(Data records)

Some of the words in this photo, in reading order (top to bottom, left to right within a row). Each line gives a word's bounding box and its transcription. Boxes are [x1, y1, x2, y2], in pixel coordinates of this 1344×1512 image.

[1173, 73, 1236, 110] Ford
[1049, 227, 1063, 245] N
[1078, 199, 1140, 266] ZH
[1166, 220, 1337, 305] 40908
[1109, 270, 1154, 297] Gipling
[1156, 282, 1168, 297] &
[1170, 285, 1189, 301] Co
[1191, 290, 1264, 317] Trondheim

YOUR INSTRUCTIONS: Would you please output every record again, exactly?

TASK RESPONSE:
Some of the words in this photo, in reading order (top to bottom, left to right within a row). Each line gives a word's bounding box and its transcription. Boxes are [x1, y1, x2, y2], in pixel coordinates of this 1344×1512 image.

[1173, 73, 1236, 110] Ford
[1049, 227, 1063, 245] N
[1078, 199, 1140, 266] ZH
[1166, 220, 1337, 305] 40908
[1109, 270, 1154, 297] Gipling
[1156, 282, 1168, 297] &
[1170, 285, 1189, 301] Co
[1191, 290, 1264, 317] Trondheim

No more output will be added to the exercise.